Write the records out exactly, so that no picture remains in the copy.

(Material supplied Opens)

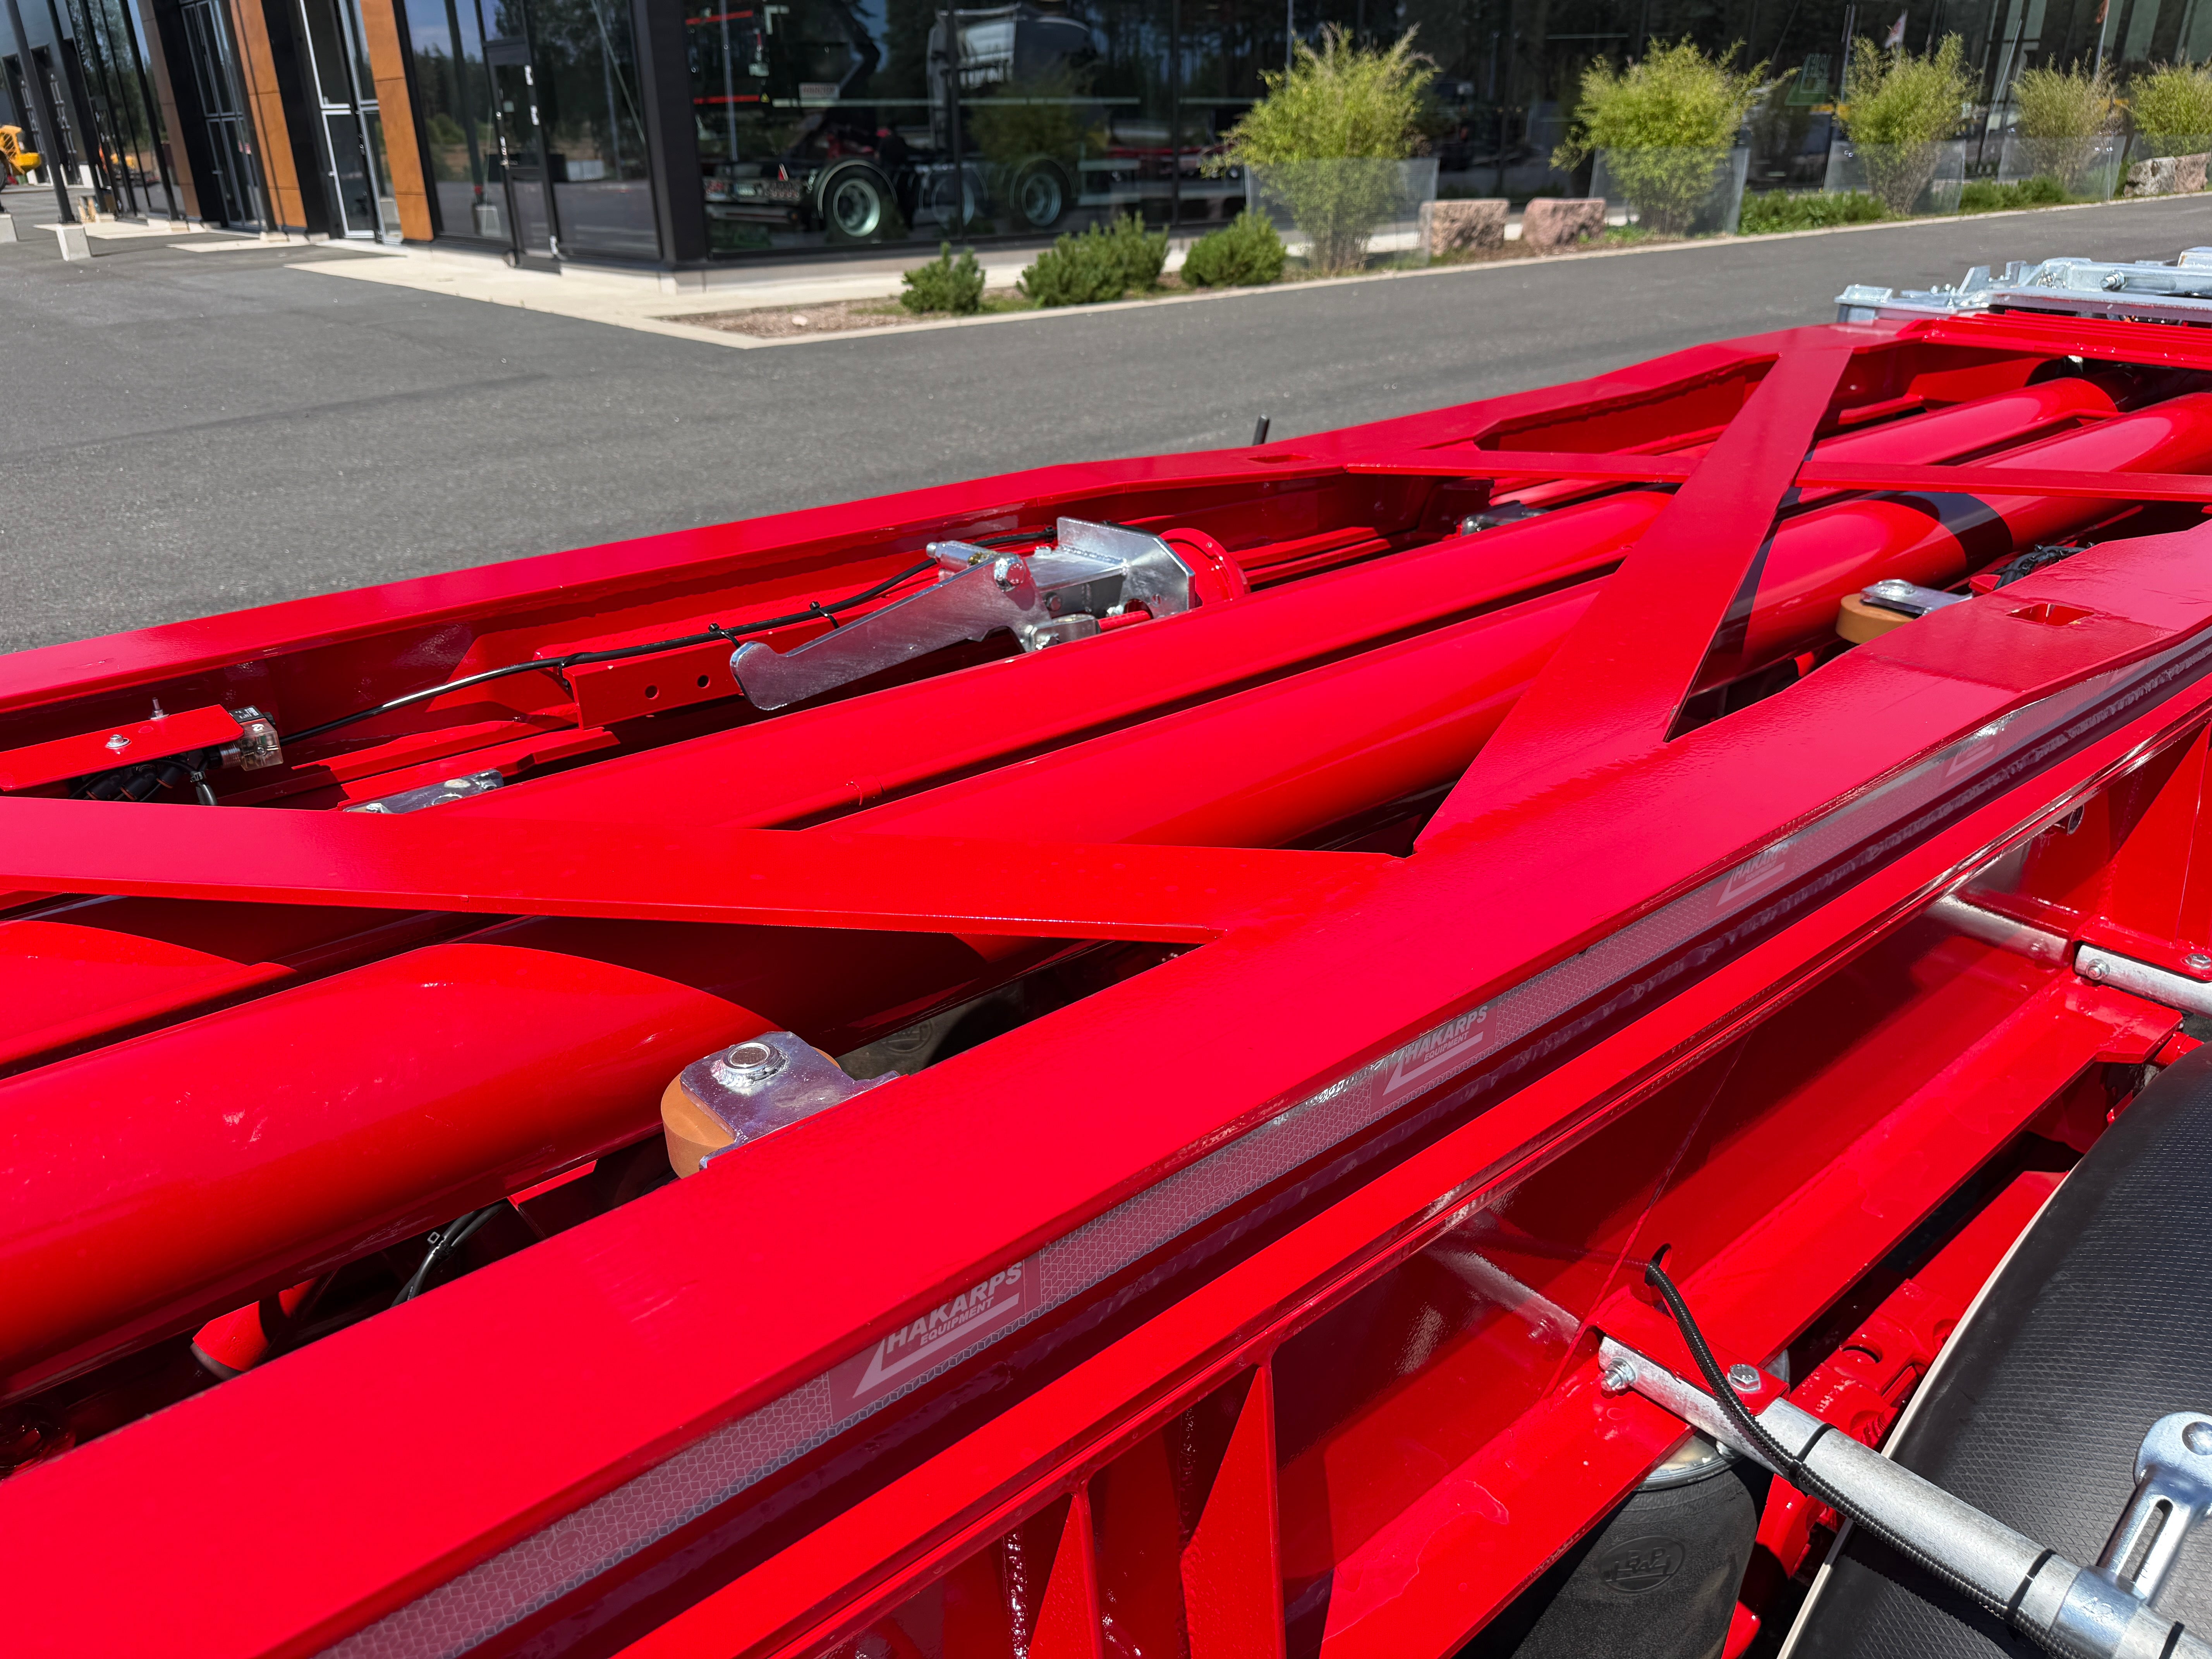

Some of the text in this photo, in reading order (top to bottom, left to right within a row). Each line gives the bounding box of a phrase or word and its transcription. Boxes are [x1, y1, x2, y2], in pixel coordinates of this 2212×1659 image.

[1405, 1005, 1488, 1064] HAKARPS
[1424, 1031, 1469, 1062] EQUIPMENT
[1214, 1169, 1227, 1183] E4
[1192, 1198, 1206, 1212] 104
[886, 1261, 1022, 1353] HAKARPS
[919, 1297, 995, 1345] EQUIPMENT
[524, 1577, 548, 1597] 104
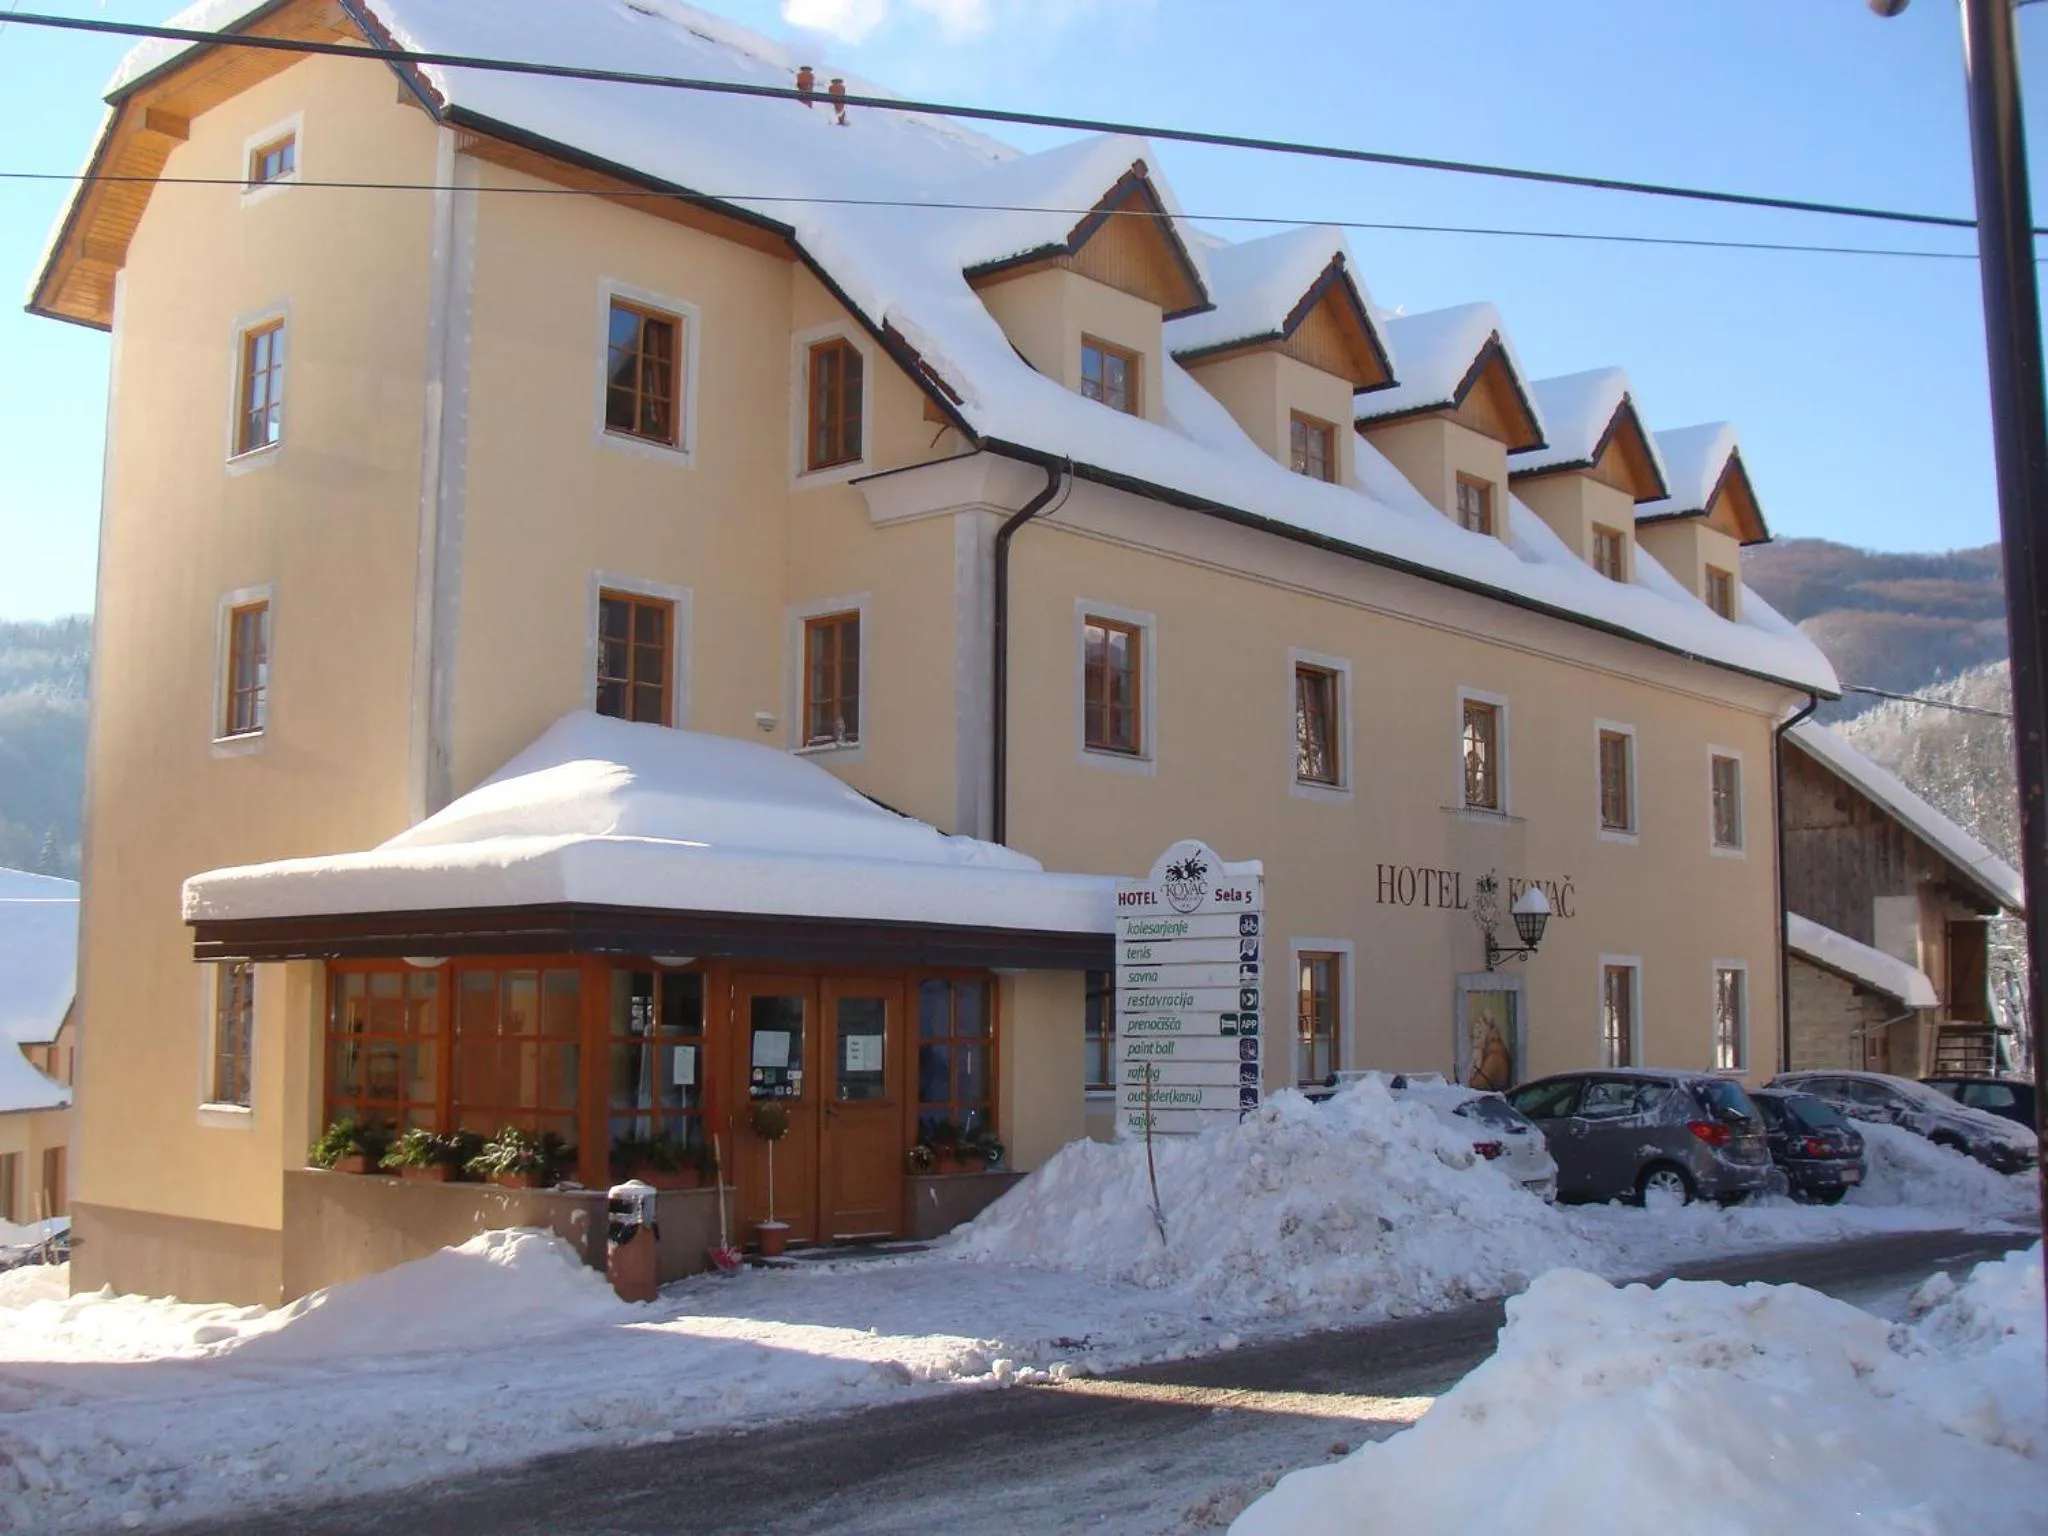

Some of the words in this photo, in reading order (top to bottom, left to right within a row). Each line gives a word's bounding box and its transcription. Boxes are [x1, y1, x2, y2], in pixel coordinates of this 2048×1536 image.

[1376, 863, 1469, 910] HOTEL
[1118, 891, 1159, 906] HOTEL
[1214, 888, 1242, 902] Sela
[1245, 891, 1252, 904] 5
[1127, 919, 1189, 936] kolesarjenje
[1127, 946, 1152, 960] tenis
[1128, 971, 1158, 983] savna
[1127, 991, 1194, 1009] restavracija
[1128, 1041, 1153, 1056] paint
[1155, 1041, 1175, 1055] ball

(Material supplied Closes)

▶ [Solution to this exercise]
Some of the text in this photo, in reading order (top to bottom, left to right within a row). Each line gives the bounding box of a phrase or word and its transcription. Boxes are [x1, y1, x2, y2], in pixel coordinates of this 2212×1659 image.

[1405, 1005, 1488, 1064] HAKARPS
[1424, 1031, 1469, 1062] EQUIPMENT
[1214, 1169, 1227, 1183] E4
[1192, 1198, 1206, 1212] 104
[886, 1261, 1022, 1353] HAKARPS
[919, 1297, 995, 1345] EQUIPMENT
[524, 1577, 548, 1597] 104

Some of the words in this photo, in reading order (top to bottom, left to right within a row). Each line gives a word's bounding box and its transcription. Boxes are [x1, y1, x2, y2], in pixel coordinates of this 2048×1536 image.

[1376, 863, 1469, 910] HOTEL
[1118, 891, 1159, 906] HOTEL
[1214, 888, 1242, 902] Sela
[1245, 891, 1252, 904] 5
[1127, 919, 1189, 936] kolesarjenje
[1127, 946, 1152, 960] tenis
[1128, 971, 1158, 983] savna
[1127, 991, 1194, 1009] restavracija
[1128, 1041, 1153, 1056] paint
[1155, 1041, 1175, 1055] ball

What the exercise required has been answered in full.